In its Final Report to the House of Assembly, dated September 28, 2006, the CRC concluded (paragraph 45) that:

“The overwhelming majority who favour the end of the British Monarch as our Head of State, point to several factors:

(a) The need to complete the process of national independence and self-determination;

(b) The fact that outside the Caribbean only very few former British colonies which are now independent have kept the Crown as head of State, and almost all of which former colonies are members of the Commonwealth;

(c) The need to ‘repatriate’ our Constitution;

(d) The fact that there is almost no emotional connection between the younger generations of Vincentians at home and the British Monarch……

(e) The need for the psychological emancipation from colonialism so as to enable to forge a distinct Caribbean identity and civilization.

We have therefore recommended a change to republican status.”

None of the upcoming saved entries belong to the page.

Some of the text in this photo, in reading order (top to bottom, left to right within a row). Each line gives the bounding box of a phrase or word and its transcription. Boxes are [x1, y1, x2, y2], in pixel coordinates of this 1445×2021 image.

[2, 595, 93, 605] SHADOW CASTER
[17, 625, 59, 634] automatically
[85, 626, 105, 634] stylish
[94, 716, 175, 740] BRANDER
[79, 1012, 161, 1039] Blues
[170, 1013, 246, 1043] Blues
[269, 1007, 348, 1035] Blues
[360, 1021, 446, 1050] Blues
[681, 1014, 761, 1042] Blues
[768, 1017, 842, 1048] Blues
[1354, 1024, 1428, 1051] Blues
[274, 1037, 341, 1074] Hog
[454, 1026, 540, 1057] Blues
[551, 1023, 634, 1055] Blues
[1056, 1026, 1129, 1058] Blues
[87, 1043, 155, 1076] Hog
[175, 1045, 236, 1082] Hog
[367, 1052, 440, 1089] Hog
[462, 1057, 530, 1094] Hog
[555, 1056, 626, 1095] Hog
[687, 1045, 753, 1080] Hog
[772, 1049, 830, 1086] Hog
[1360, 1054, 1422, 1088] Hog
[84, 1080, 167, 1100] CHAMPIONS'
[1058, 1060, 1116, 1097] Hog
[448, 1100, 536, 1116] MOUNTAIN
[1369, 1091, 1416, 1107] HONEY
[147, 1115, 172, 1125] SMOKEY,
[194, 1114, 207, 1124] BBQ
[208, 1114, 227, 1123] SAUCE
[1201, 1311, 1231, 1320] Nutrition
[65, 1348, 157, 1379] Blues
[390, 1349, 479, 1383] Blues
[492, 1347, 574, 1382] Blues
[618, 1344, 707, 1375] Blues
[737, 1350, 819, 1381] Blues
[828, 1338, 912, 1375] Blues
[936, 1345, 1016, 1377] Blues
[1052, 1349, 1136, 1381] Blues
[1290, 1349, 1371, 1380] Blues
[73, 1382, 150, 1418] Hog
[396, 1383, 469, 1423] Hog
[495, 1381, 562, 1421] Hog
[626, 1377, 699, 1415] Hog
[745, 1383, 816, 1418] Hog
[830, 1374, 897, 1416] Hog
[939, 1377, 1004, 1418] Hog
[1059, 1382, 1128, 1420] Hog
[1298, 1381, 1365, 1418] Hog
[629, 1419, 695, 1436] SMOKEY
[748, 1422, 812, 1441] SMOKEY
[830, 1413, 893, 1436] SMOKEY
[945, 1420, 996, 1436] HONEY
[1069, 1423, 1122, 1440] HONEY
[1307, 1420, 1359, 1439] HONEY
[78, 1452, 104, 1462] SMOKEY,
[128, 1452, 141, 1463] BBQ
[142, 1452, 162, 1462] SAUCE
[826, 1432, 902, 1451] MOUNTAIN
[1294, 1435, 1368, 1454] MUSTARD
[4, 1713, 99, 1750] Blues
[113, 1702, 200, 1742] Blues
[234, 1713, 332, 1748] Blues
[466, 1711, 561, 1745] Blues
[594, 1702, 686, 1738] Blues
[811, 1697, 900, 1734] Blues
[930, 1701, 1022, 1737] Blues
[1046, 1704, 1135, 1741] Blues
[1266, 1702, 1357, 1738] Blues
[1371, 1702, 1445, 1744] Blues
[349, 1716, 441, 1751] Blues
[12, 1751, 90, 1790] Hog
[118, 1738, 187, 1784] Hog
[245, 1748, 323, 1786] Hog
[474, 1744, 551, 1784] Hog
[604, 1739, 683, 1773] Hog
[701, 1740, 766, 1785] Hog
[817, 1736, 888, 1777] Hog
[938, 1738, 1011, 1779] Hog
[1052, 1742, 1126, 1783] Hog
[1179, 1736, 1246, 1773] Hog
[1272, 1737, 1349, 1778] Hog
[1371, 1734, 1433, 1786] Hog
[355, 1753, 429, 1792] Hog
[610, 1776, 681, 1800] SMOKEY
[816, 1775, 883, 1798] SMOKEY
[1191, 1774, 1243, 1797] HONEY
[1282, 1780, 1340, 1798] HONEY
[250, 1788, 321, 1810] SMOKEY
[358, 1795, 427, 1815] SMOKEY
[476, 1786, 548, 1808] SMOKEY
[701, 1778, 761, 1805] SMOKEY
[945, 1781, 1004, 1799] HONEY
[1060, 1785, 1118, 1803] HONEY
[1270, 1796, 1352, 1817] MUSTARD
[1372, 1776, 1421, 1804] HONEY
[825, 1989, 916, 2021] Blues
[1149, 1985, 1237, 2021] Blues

Tuesday’s amendment to the Oath by Parliament does not remove the British Monarch as Head of State; it does not change our Constitutional status; it does not make SVG a Republic; but it is one small step along that road, the initial pebble beginning to roll downhill. It is a pity that once again our Opposition parliamentarians have put narrow partisan interests before the national ones and did not see it fit to be associated with the move by attending to the business of Parliament and voting for the change.

That small step in freeing our MPs from the humiliation of having to swear allegiance to a foreign power, even to the extent of that person’s toddling “successors”, may be small, but it in no way belittles its significance. Parliament must now have the courage to commit itself to furthering the process, to revisit constitutional reform once more. It does not have to be the root-and-branch process attempted last time, for we must have learnt important lessons from 2003/9.

But we can recommence the process of “repatriating our Constitution”, of embarking on the road of “psychological emancipation” and forging our proud Caribbean identity as a solid contribution towards building our Caribbean civilization.

Let the “small step” become a “giant leap!

Renwick Rose is a community activist and social commentator.